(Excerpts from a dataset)
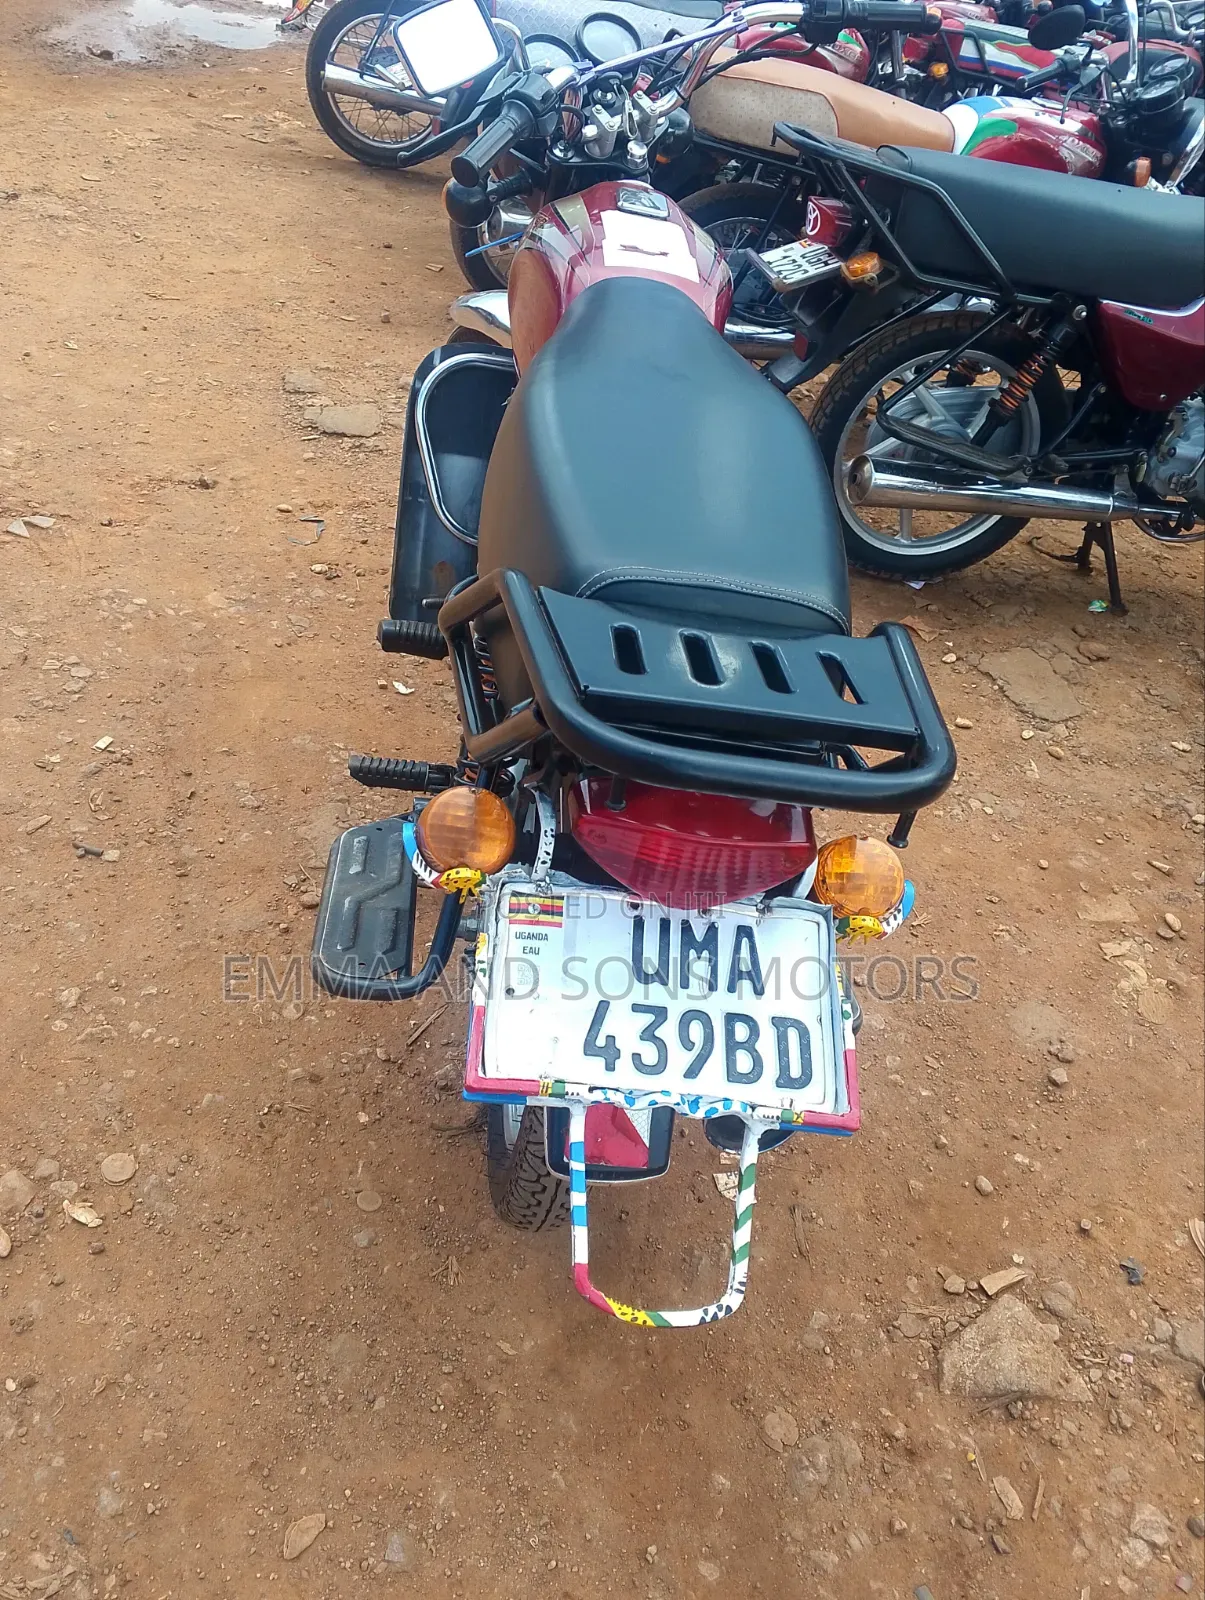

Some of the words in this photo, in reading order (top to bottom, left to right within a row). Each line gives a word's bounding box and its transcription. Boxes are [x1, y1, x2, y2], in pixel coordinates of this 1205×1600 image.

[766, 255, 810, 280] 172C
[800, 246, 839, 271] UGH
[514, 931, 549, 942] UGANDA
[522, 945, 541, 956] EAU
[631, 915, 765, 996] UMA
[583, 1000, 814, 1089] 439BD
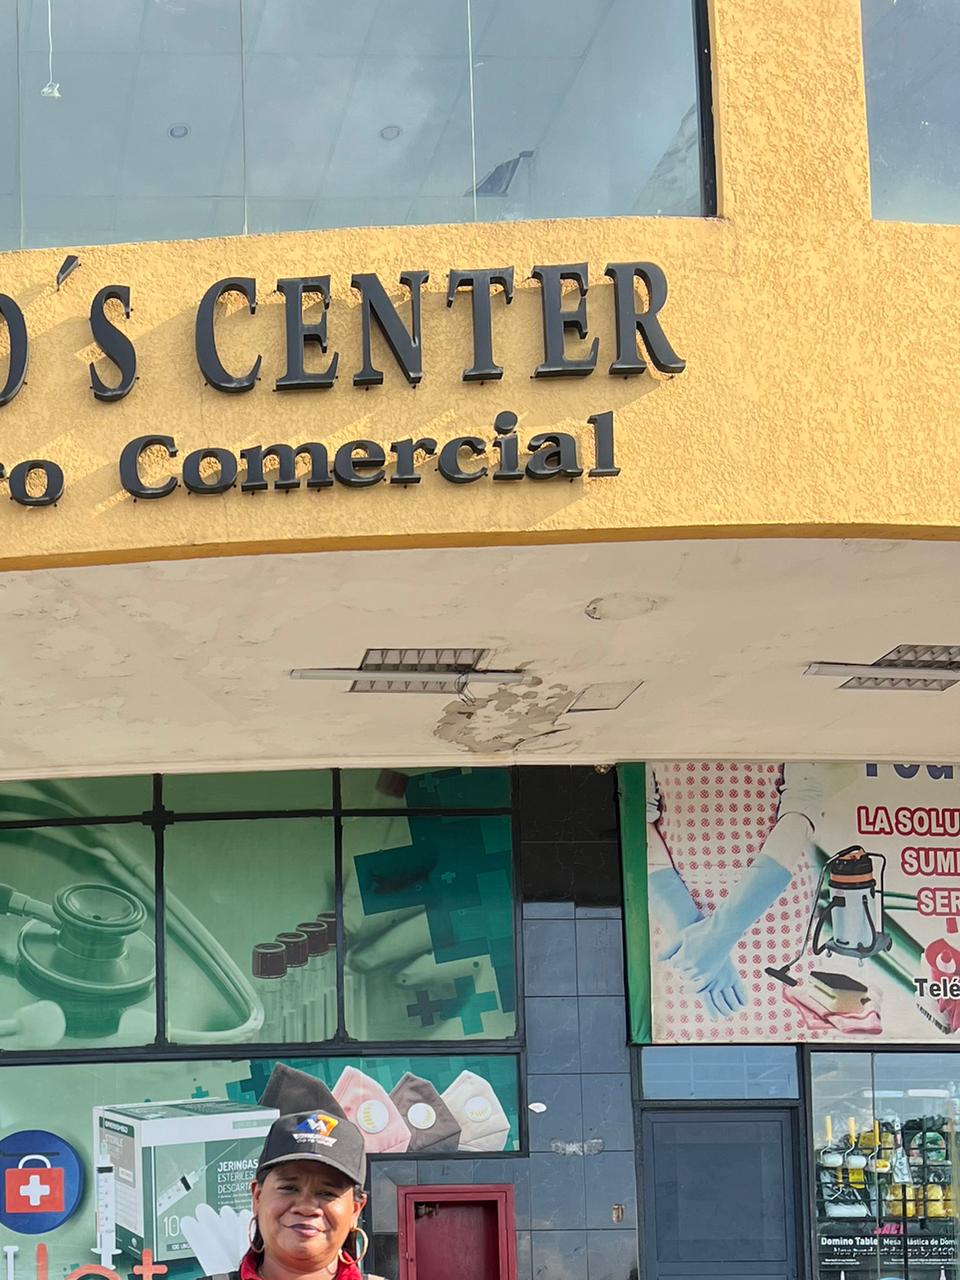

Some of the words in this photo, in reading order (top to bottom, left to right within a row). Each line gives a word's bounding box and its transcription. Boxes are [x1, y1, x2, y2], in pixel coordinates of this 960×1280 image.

[195, 261, 686, 393] CENTER
[120, 412, 619, 503] Comercial
[857, 805, 893, 835] LA
[895, 806, 960, 836] SOLU
[217, 1159, 259, 1172] JERINGAS
[217, 1182, 252, 1194] DESCART
[821, 1236, 854, 1246] Domino
[854, 1236, 878, 1246] Table
[883, 1237, 901, 1246] Mesa
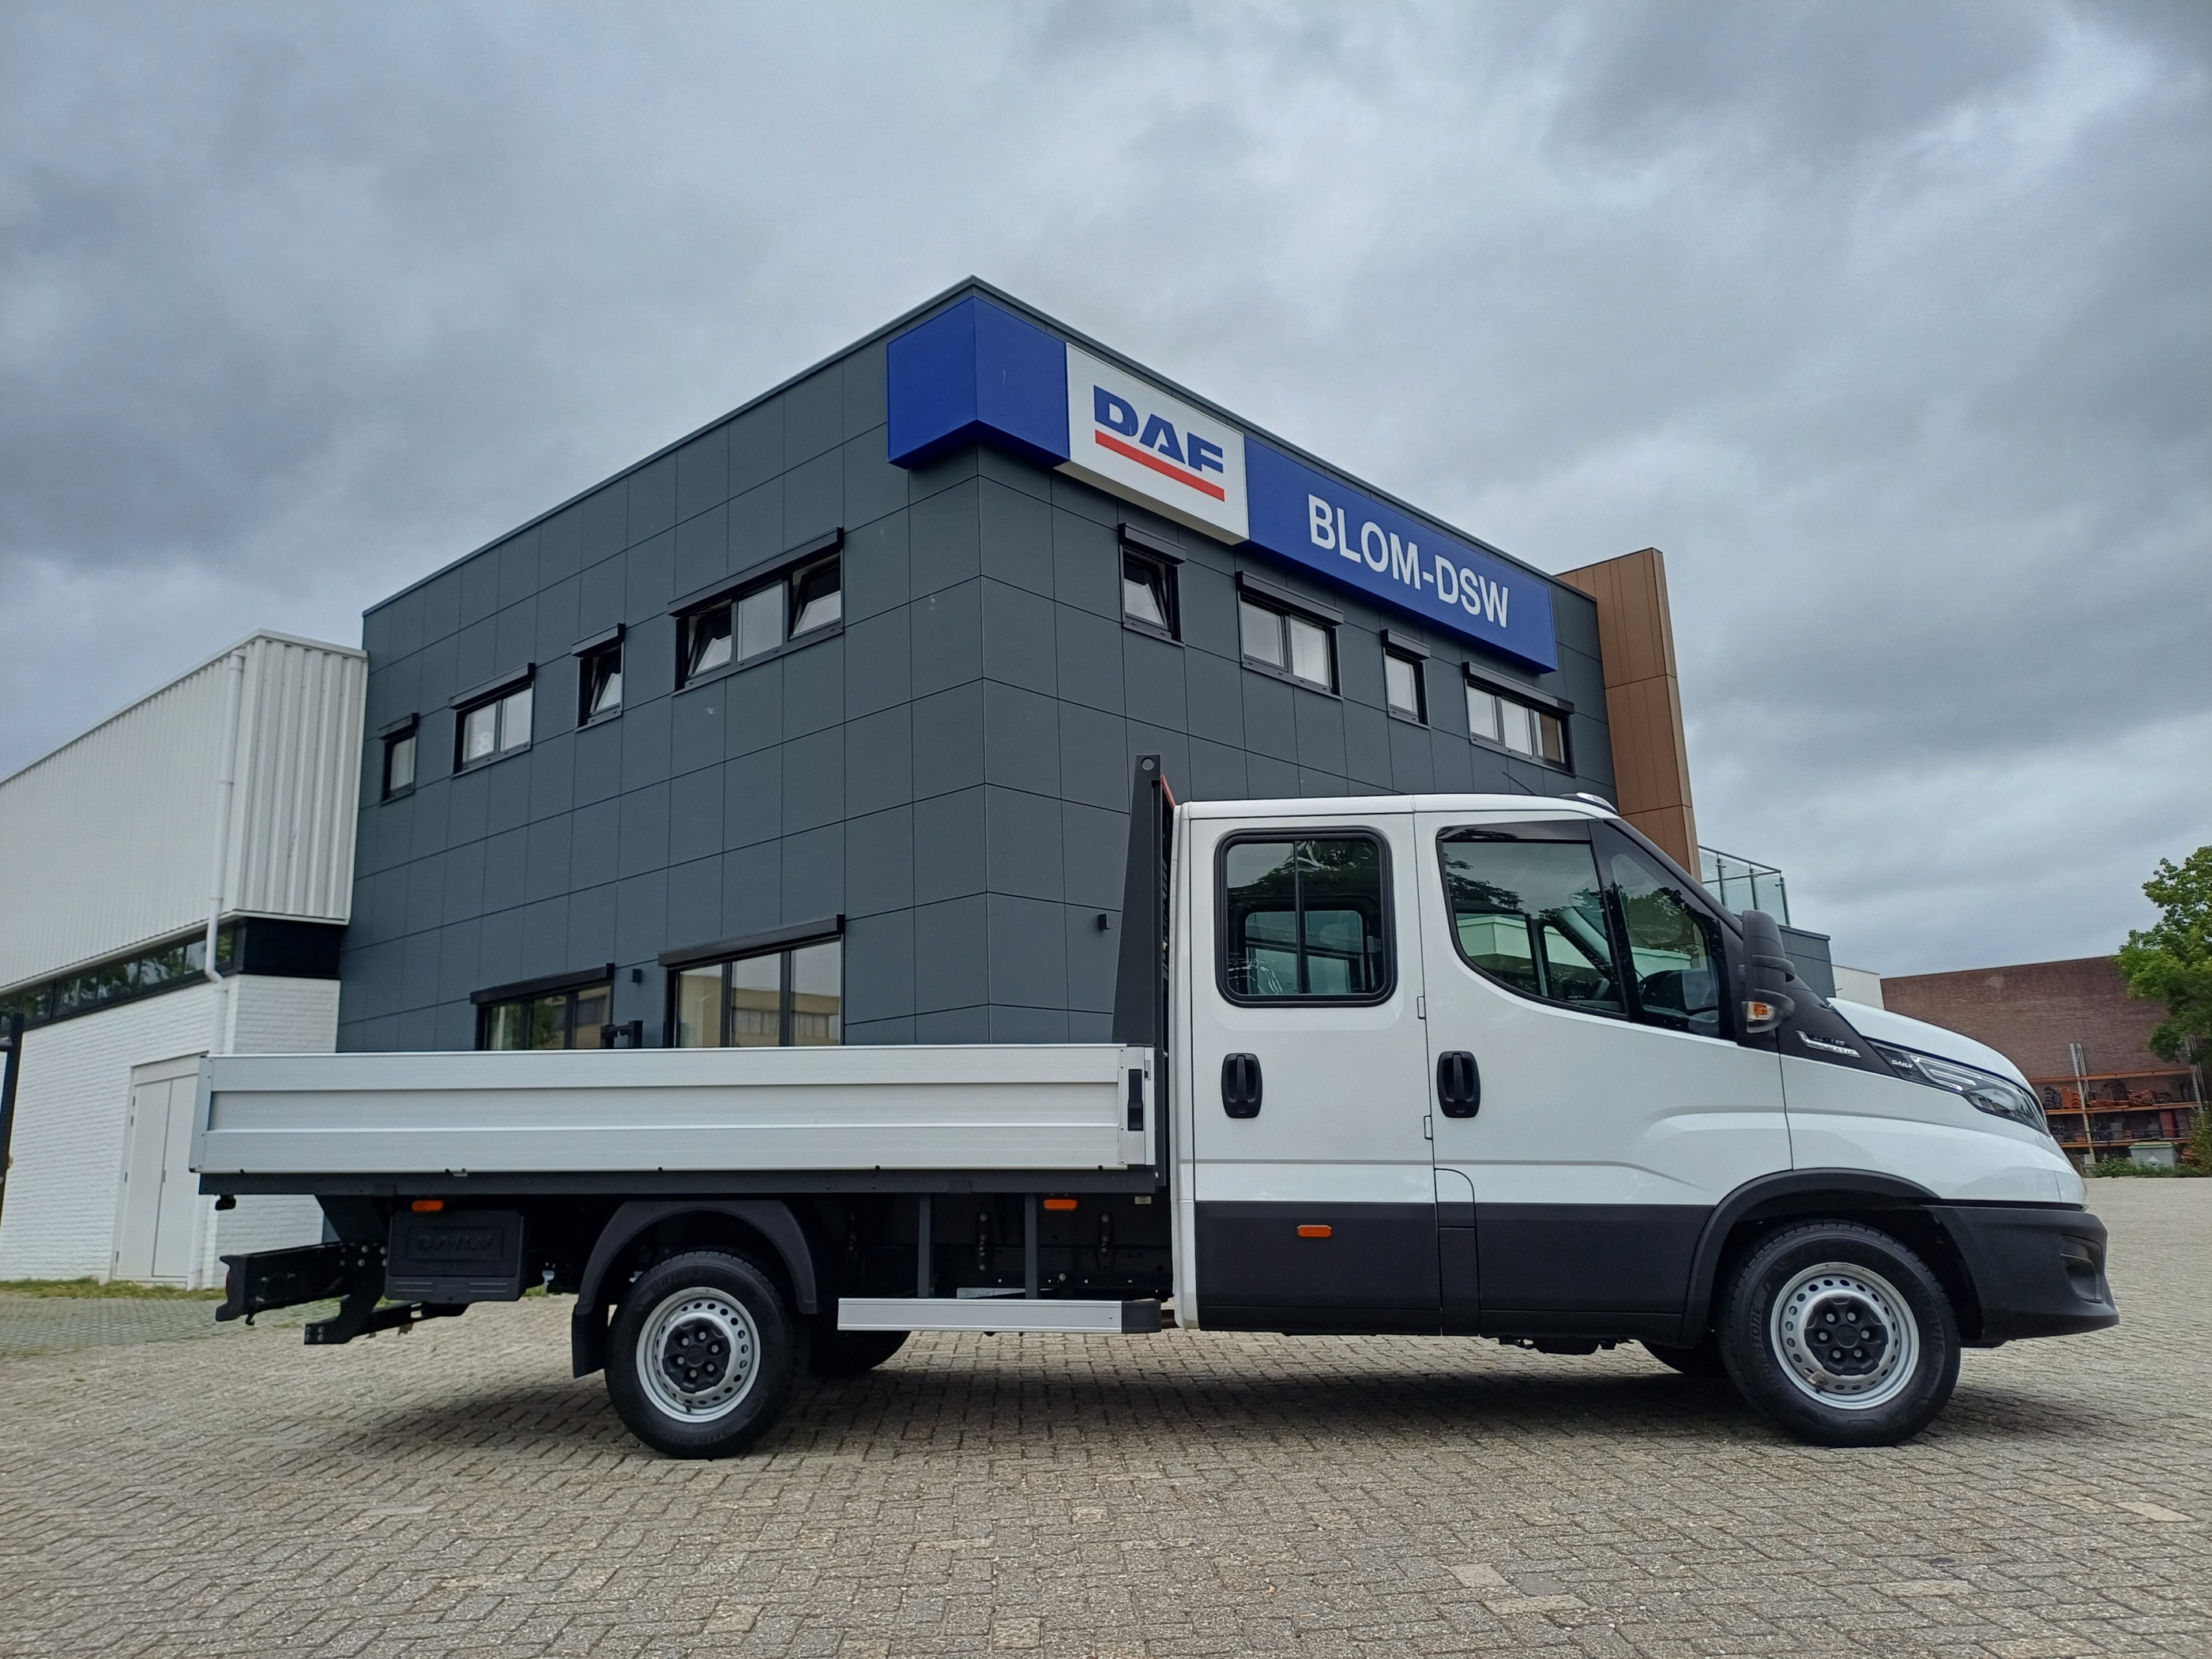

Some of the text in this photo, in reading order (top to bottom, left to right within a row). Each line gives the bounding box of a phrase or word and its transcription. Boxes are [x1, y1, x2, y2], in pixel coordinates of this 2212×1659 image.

[1093, 385, 1224, 474] DAF
[1307, 493, 1509, 629] BLOM-DSW
[1891, 1059, 1914, 1069] DAILY
[418, 1234, 492, 1250] DAILY
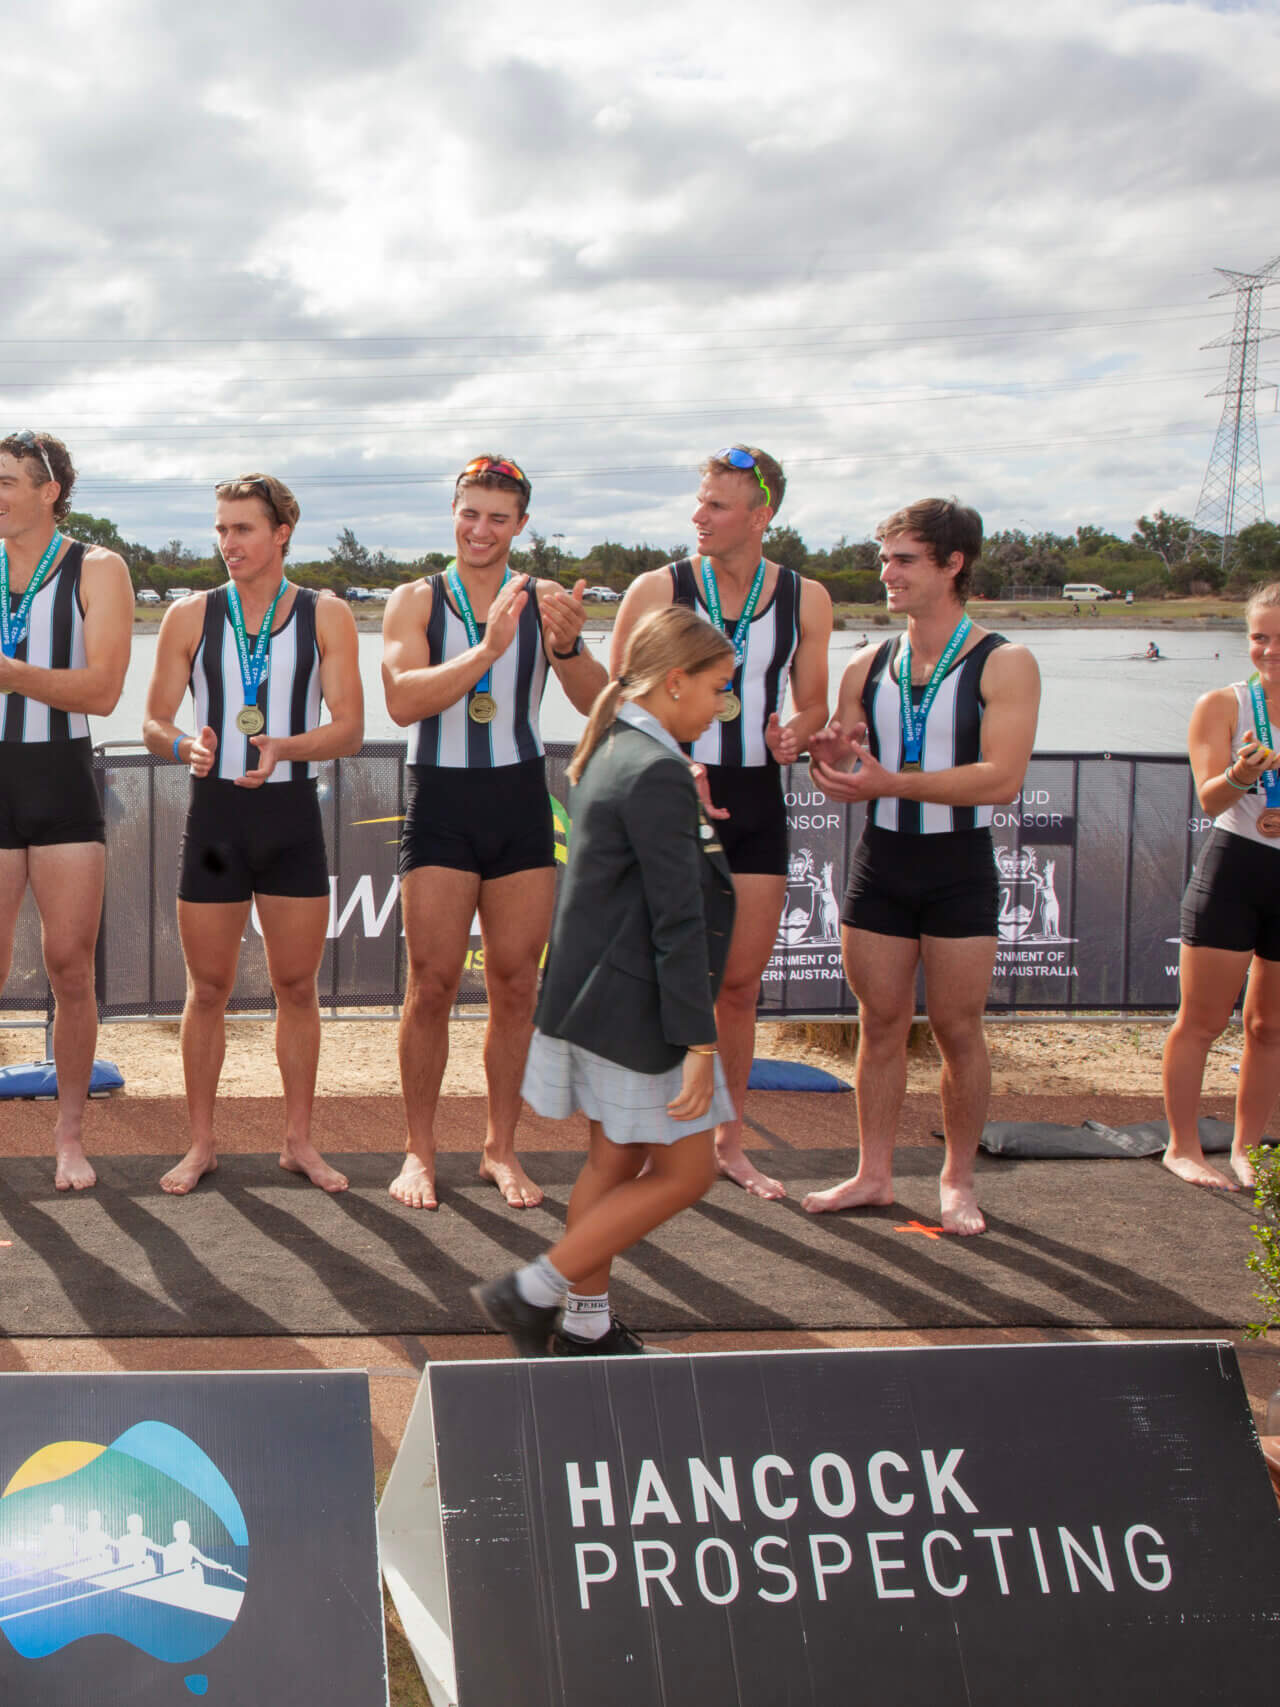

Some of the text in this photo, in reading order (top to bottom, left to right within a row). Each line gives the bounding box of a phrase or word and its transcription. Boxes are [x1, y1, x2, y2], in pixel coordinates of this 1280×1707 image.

> _TASK_:
Without the pictures, give the entries above back exactly.

> _RESPONSE BELOW_:
Some of the words in this photo, in reading order (top to bottom, left to right within a row). Each line gives a word's bounding box and its transcription. Boxes are [x1, y1, x2, y2], in pixel coordinates of this 1205×1600 image.

[766, 255, 810, 280] 172C
[800, 246, 839, 271] UGH
[514, 931, 549, 942] UGANDA
[522, 945, 541, 956] EAU
[631, 915, 765, 996] UMA
[583, 1000, 814, 1089] 439BD

Some of the words in this photo, in reading order (top to bottom, left to right within a row). Each line gives a word's bounding box and its transcription. Boxes are [x1, y1, x2, y2], in pixel coordinates of this 960×1280 image.

[195, 261, 686, 393] CENTER
[120, 412, 619, 503] Comercial
[857, 805, 893, 835] LA
[895, 806, 960, 836] SOLU
[217, 1159, 259, 1172] JERINGAS
[217, 1182, 252, 1194] DESCART
[821, 1236, 854, 1246] Domino
[854, 1236, 878, 1246] Table
[883, 1237, 901, 1246] Mesa

Some of the text in this photo, in reading order (top to bottom, left to right within a row). Each line gives the bounding box of a phrase or word and its transcription. Boxes are [x1, y1, x2, y2], in pixel coordinates of this 2212×1659 image.

[1093, 385, 1224, 474] DAF
[1307, 493, 1509, 629] BLOM-DSW
[1891, 1059, 1914, 1069] DAILY
[418, 1234, 492, 1250] DAILY

Some of the text in this photo, in reading order (top to bottom, left to right within a row). Each line gives the bounding box of a phrase or word and its transcription. Boxes are [x1, y1, x2, y2], in pixel coordinates of this 1280×1707 image.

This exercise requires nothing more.